_Data section:_
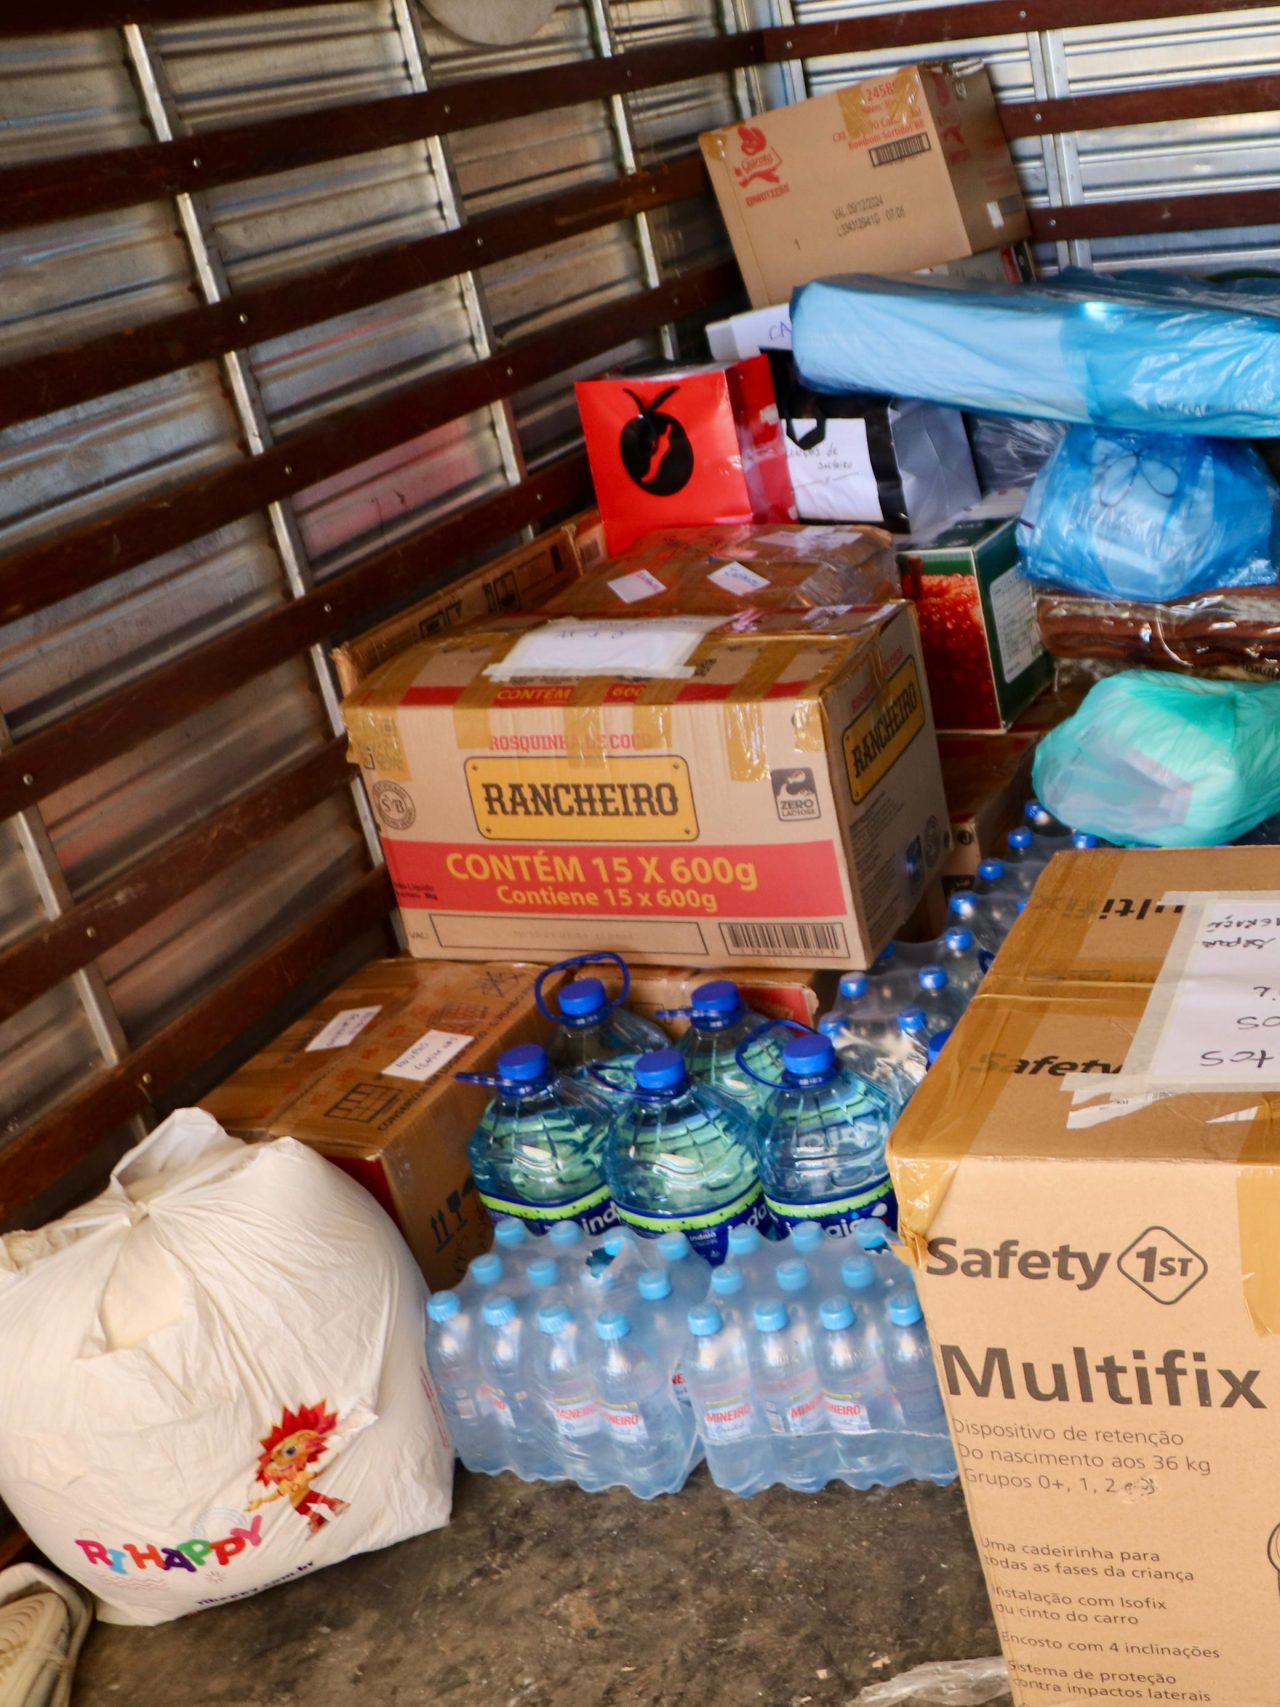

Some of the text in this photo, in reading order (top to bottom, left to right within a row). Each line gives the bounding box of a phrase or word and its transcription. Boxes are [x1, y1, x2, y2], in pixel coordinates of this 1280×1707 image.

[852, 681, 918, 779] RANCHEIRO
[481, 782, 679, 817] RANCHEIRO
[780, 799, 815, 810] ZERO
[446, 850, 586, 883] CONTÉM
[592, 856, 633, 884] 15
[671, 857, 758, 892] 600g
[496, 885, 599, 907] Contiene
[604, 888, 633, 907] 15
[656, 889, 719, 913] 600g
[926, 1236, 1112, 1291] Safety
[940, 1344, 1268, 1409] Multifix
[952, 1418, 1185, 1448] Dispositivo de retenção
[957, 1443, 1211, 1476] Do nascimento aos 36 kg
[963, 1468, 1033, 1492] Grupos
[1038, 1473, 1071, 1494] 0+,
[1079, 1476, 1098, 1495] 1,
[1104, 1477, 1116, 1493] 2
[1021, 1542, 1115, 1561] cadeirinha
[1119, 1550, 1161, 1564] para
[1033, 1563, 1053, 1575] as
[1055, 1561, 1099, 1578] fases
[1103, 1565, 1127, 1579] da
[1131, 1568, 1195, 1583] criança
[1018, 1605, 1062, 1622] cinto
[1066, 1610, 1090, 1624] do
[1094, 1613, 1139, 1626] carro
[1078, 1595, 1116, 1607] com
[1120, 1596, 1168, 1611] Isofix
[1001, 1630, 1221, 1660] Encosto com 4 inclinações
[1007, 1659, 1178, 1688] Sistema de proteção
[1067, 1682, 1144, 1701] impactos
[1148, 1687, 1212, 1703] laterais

_What is needed:_ The answer must repeat every record exactly, with all pictures left out.

_Answer space:_
Some of the text in this photo, in reading order (top to bottom, left to right within a row). Each line gives the bounding box of a phrase or word and its transcription. Boxes are [x1, y1, x2, y2], in pixel coordinates of this 1280×1707 image.

[852, 681, 918, 779] RANCHEIRO
[481, 782, 679, 817] RANCHEIRO
[780, 799, 815, 810] ZERO
[446, 850, 586, 883] CONTÉM
[592, 856, 633, 884] 15
[671, 857, 758, 892] 600g
[496, 885, 599, 907] Contiene
[604, 888, 633, 907] 15
[656, 889, 719, 913] 600g
[926, 1236, 1112, 1291] Safety
[940, 1344, 1268, 1409] Multifix
[952, 1418, 1185, 1448] Dispositivo de retenção
[957, 1443, 1211, 1476] Do nascimento aos 36 kg
[963, 1468, 1033, 1492] Grupos
[1038, 1473, 1071, 1494] 0+,
[1079, 1476, 1098, 1495] 1,
[1104, 1477, 1116, 1493] 2
[1021, 1542, 1115, 1561] cadeirinha
[1119, 1550, 1161, 1564] para
[1033, 1563, 1053, 1575] as
[1055, 1561, 1099, 1578] fases
[1103, 1565, 1127, 1579] da
[1131, 1568, 1195, 1583] criança
[1018, 1605, 1062, 1622] cinto
[1066, 1610, 1090, 1624] do
[1094, 1613, 1139, 1626] carro
[1078, 1595, 1116, 1607] com
[1120, 1596, 1168, 1611] Isofix
[1001, 1630, 1221, 1660] Encosto com 4 inclinações
[1007, 1659, 1178, 1688] Sistema de proteção
[1067, 1682, 1144, 1701] impactos
[1148, 1687, 1212, 1703] laterais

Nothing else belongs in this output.